1: a lighting device for a vehicle; 2: a housing; 2 a: a light shielding portion; 2 b: a light-transmitting portion; 2 c: a card-holding section; 2 d: a locking claw; 3: a decorative member; 4. 41, 42, 43, 41a, 41b, 42a, 42b, 43a, 43 b: a light guide; 5. 51, 52, 53, 51a, 51b, 52a, 52b, 53a, 53 b: a light source; 6: a wire harness; 7: an output control section; 70: a control unit; 71. 71a, 71b, 71 c: a control circuit; 8: a bracket; 8 a: a locking hole; 8 b: a card-holding section; 9: a headliner; 10: a vehicle roof; 11: a power source; 12: a front seat; 13: a central console; 14: a front window; 15: a side window; 20: a light shielding film; 21: a light shielding member; 100: a light emitting section.

Claims

1. A lighting device for a vehicle, which projects light toward an interior member of the vehicle,

the lighting device has a light emitting portion and a garnish covering the light emitting portion,

the light emitting section includes:

at least one light source;

an output control unit that controls an output of the light source;

a rod-shaped light guide that guides light emitted from the light source; and

a housing that houses the light guide body,

the housing is provided with a light shielding portion and a plurality of light transmitting portions arranged along the light guide body,

the light transmitted through the light transmission part is projected to the interior component.
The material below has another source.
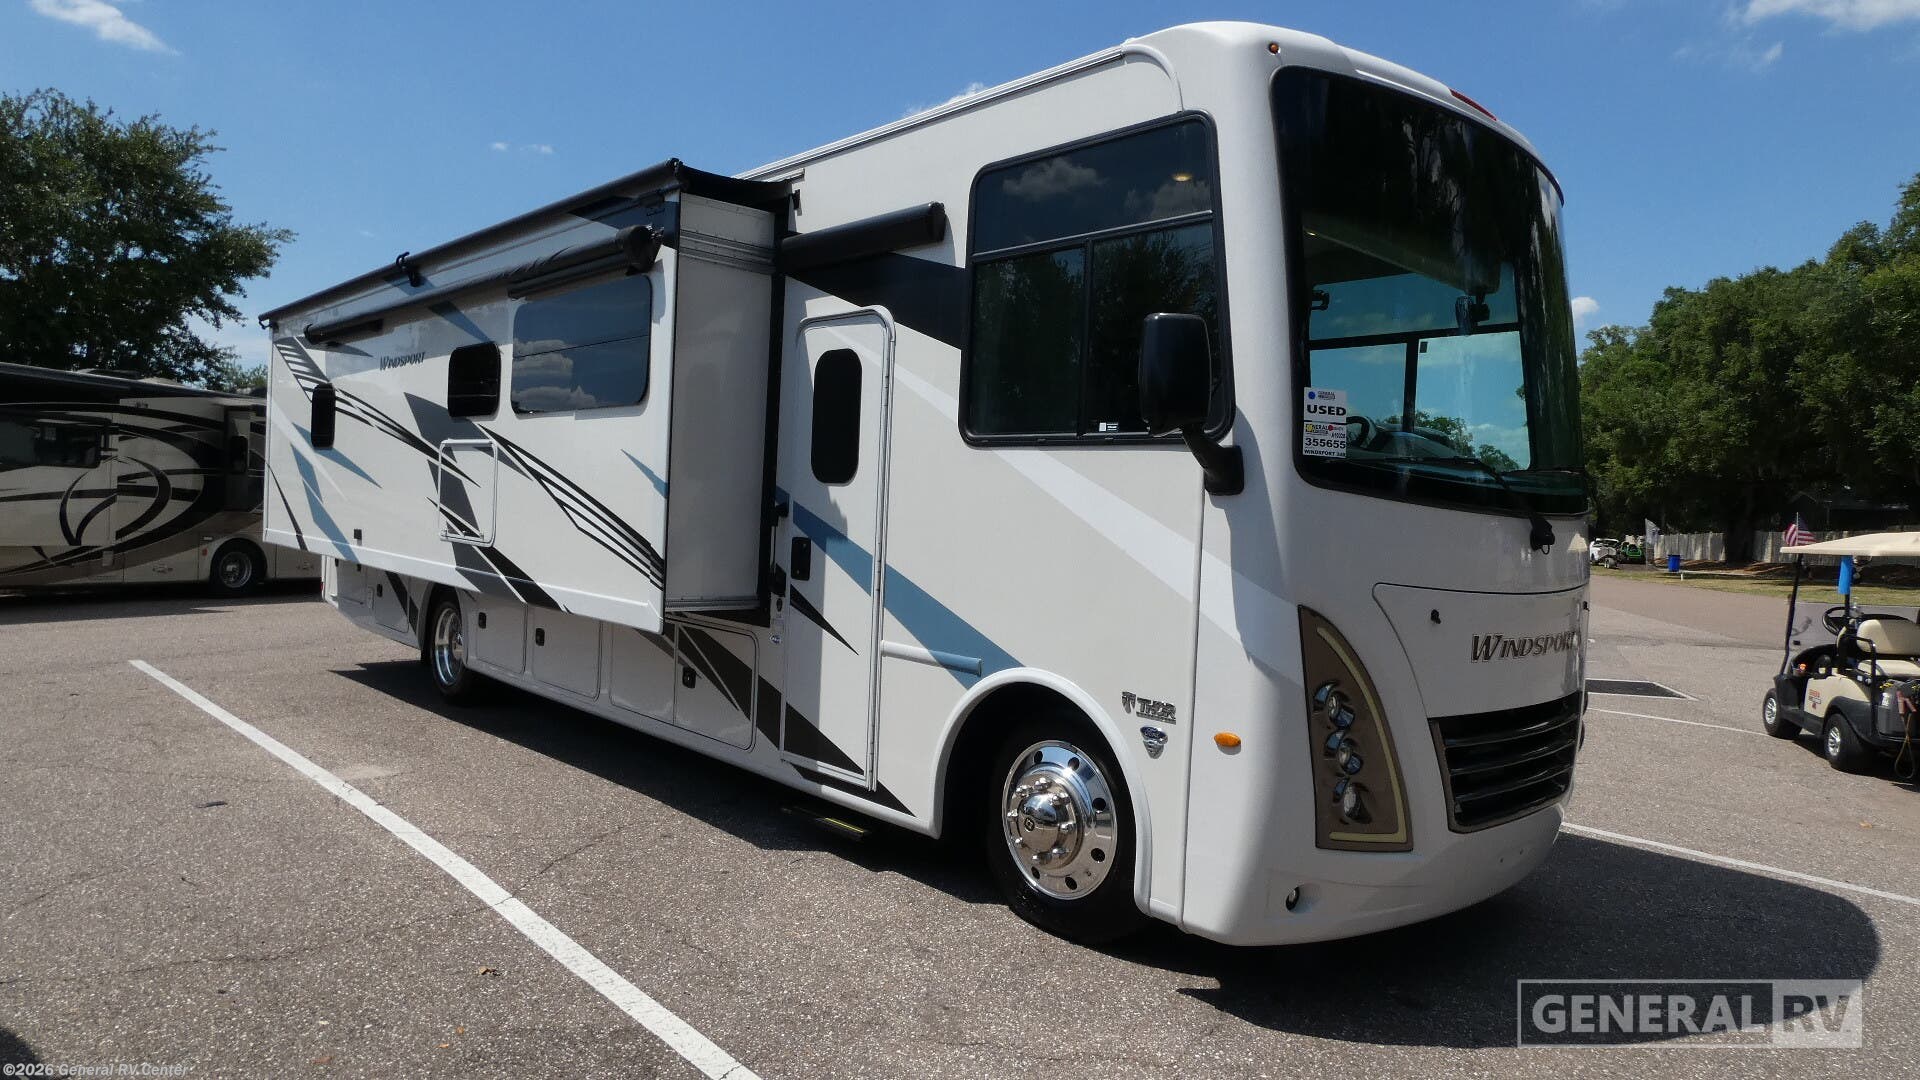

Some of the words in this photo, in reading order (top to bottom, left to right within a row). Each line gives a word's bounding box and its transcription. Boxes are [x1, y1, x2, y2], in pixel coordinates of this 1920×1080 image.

[380, 351, 426, 371] WINDSPORT
[1307, 405, 1346, 415] USED
[1305, 438, 1345, 448] 355655
[1471, 630, 1578, 663] WINDSPORT
2. The lighting device of claim 1,

the light emitting section has a plurality of light sources having different emission colors and a plurality of light guides for guiding light from the light sources of the respective emission colors,

the output of each light source is independently controlled by the output control section.

3. The lighting device according to claim 1 or 2,

the output control unit controls the intensity of the light emitted from the light source to vary with time.

4. The lighting device according to any one of claims 1 to 3,

the lighting device is provided to a headliner of a vehicle,

the light transmitted through the light-transmitting portion is projected from a gap between the roof lining and the garnish to the roof lining.

5. The lighting device according to any one of claims 1 to 4,

the light-transmitting portion is formed by a slit provided in the housing made of a light-shielding member.

6. The lighting device according to any one of claims 1 to 5,

an optical pattern composed of a plurality of grooves is formed on a reflection surface of the light guide body on the opposite side of the light transmission portion.

7. The lighting device according to any one of claims 1 to 6,

the output control unit is disposed inside the garnish.